• **What you will do**
Nothing but the text should be carried over: reproduce all the data exactly and leave out every image.

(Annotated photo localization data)
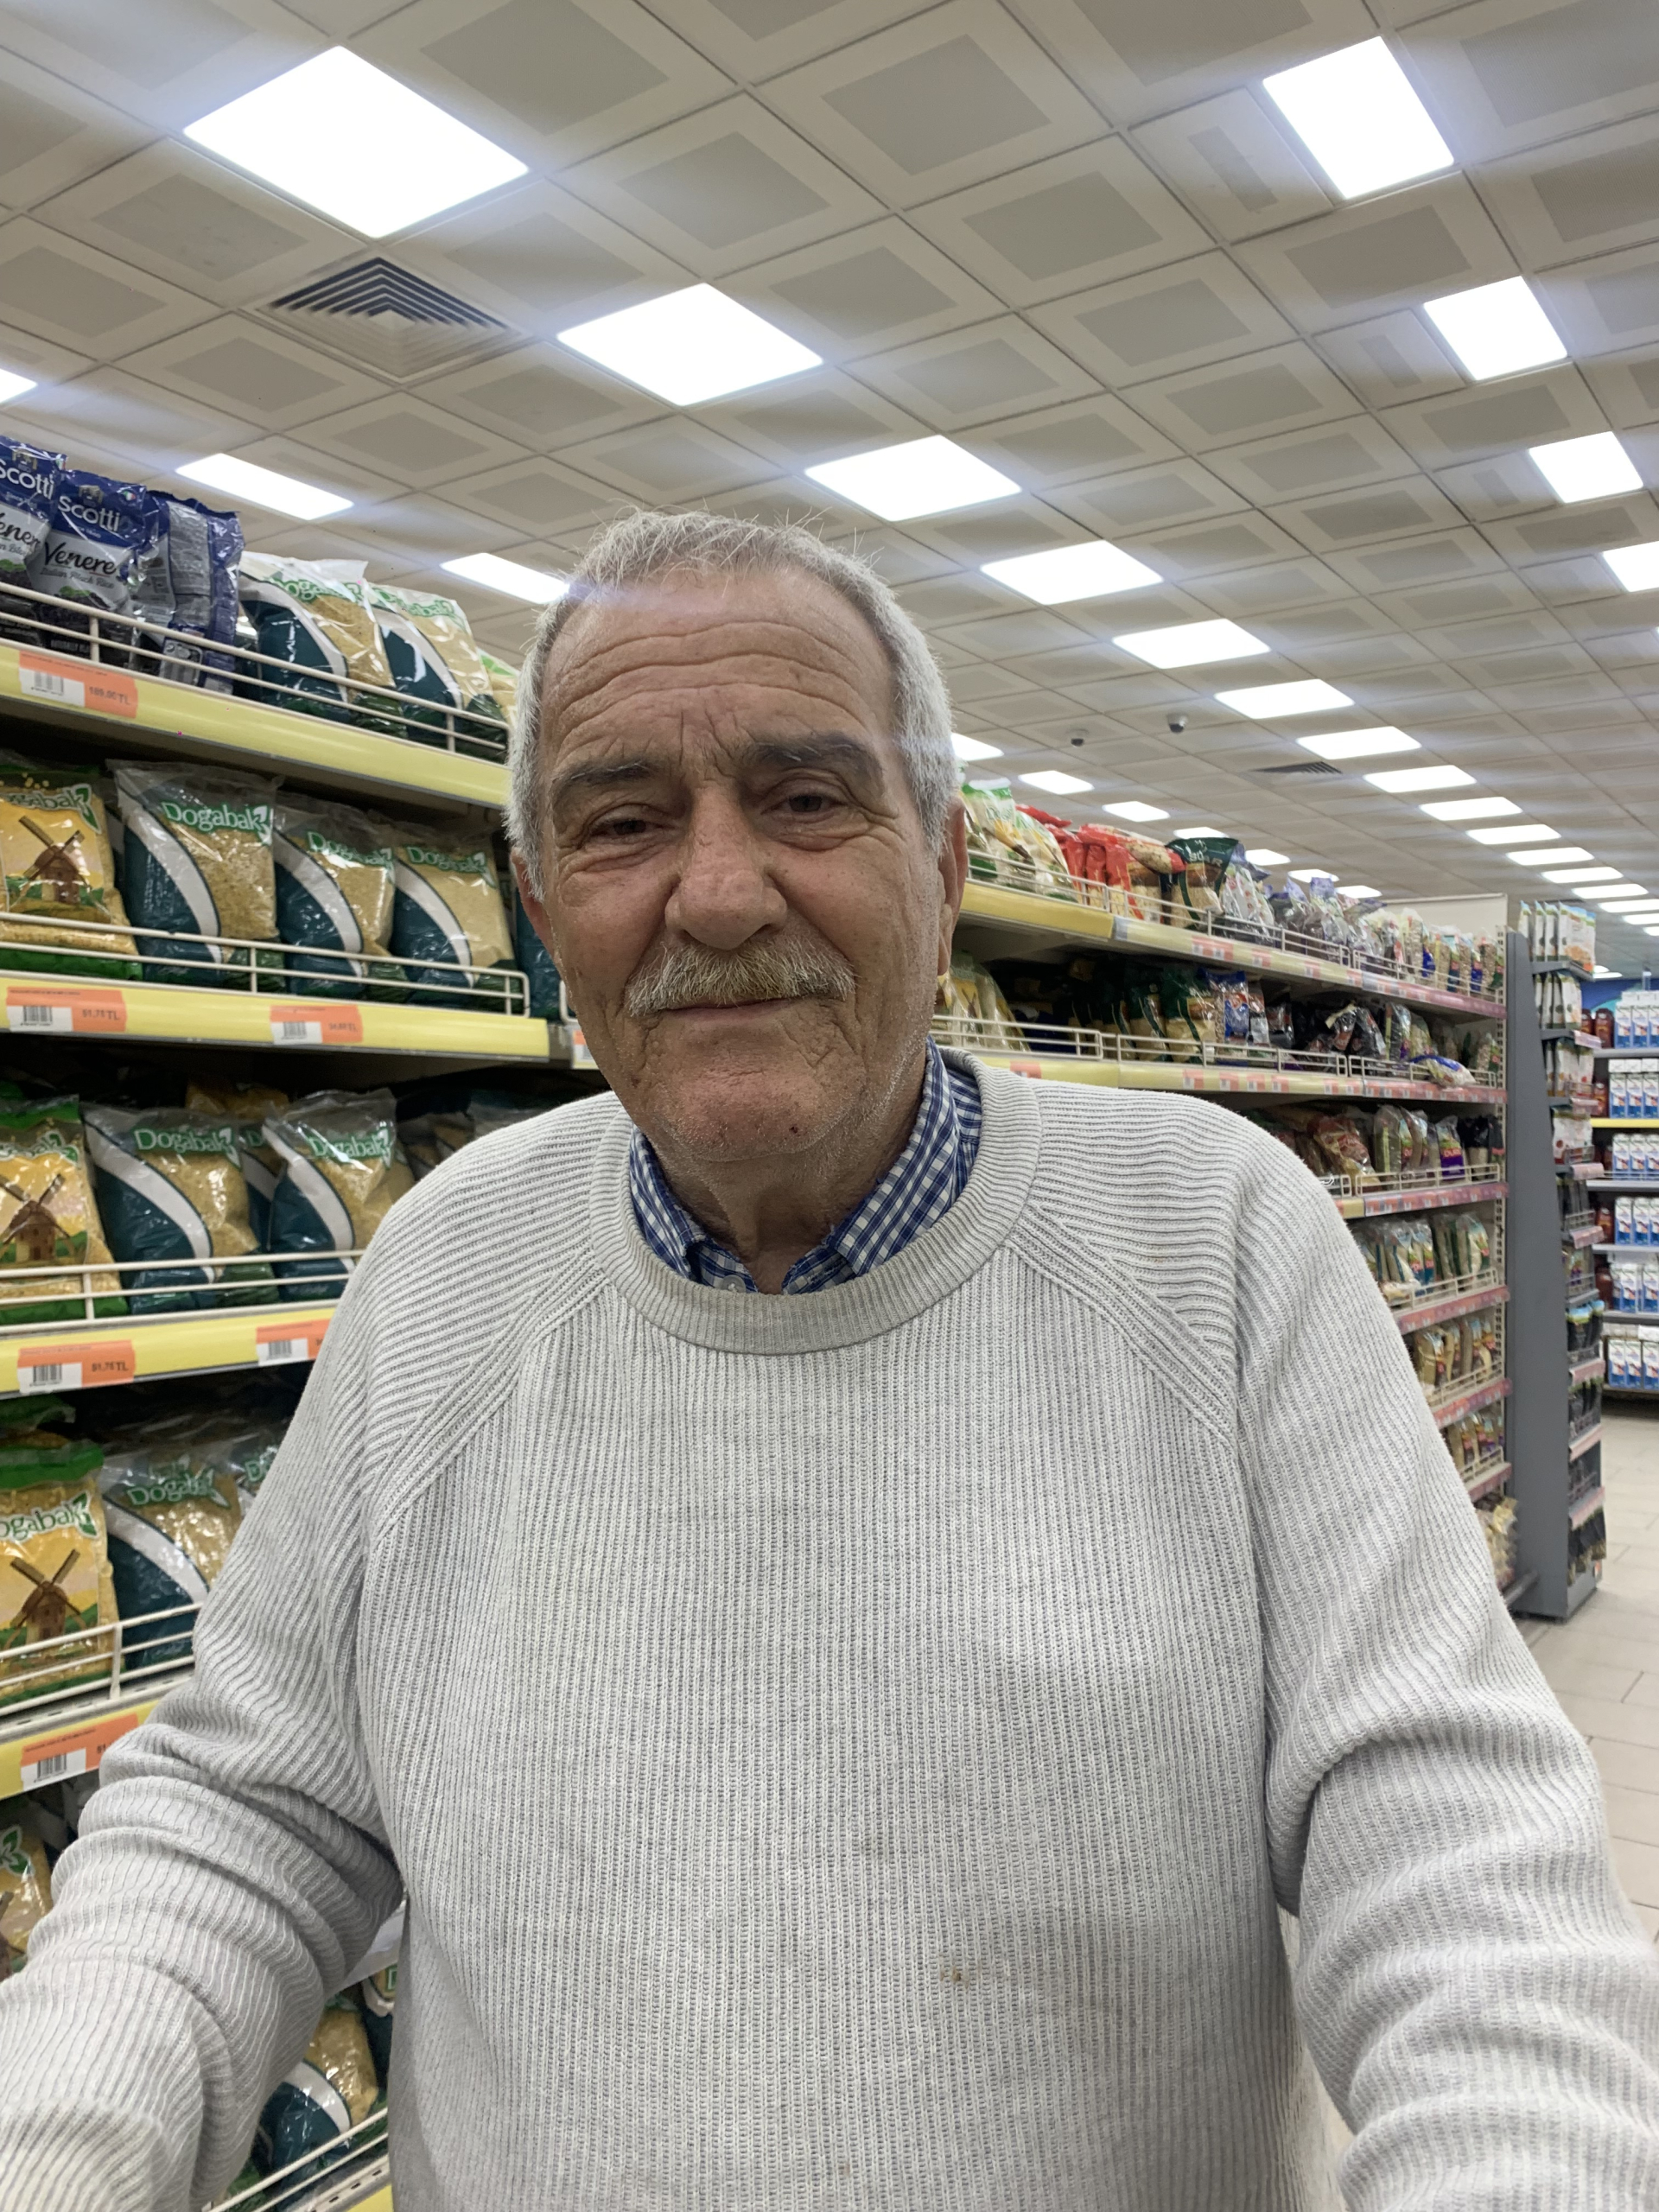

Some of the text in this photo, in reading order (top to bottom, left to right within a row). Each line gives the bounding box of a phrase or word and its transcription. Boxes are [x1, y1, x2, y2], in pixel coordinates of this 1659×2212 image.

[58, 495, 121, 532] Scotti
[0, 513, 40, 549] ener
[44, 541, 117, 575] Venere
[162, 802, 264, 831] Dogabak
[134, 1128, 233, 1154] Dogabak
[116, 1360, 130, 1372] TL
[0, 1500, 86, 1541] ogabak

• **Task solution**
Some of the text in this photo, in reading order (top to bottom, left to right within a row). Each line gives the bounding box of a phrase or word and its transcription. Boxes are [x1, y1, x2, y2], in pixel coordinates of this 1659×2212 image.

[58, 495, 121, 532] Scotti
[0, 513, 40, 549] ener
[44, 541, 117, 575] Venere
[162, 802, 264, 831] Dogabak
[134, 1128, 233, 1154] Dogabak
[116, 1360, 130, 1372] TL
[0, 1500, 86, 1541] ogabak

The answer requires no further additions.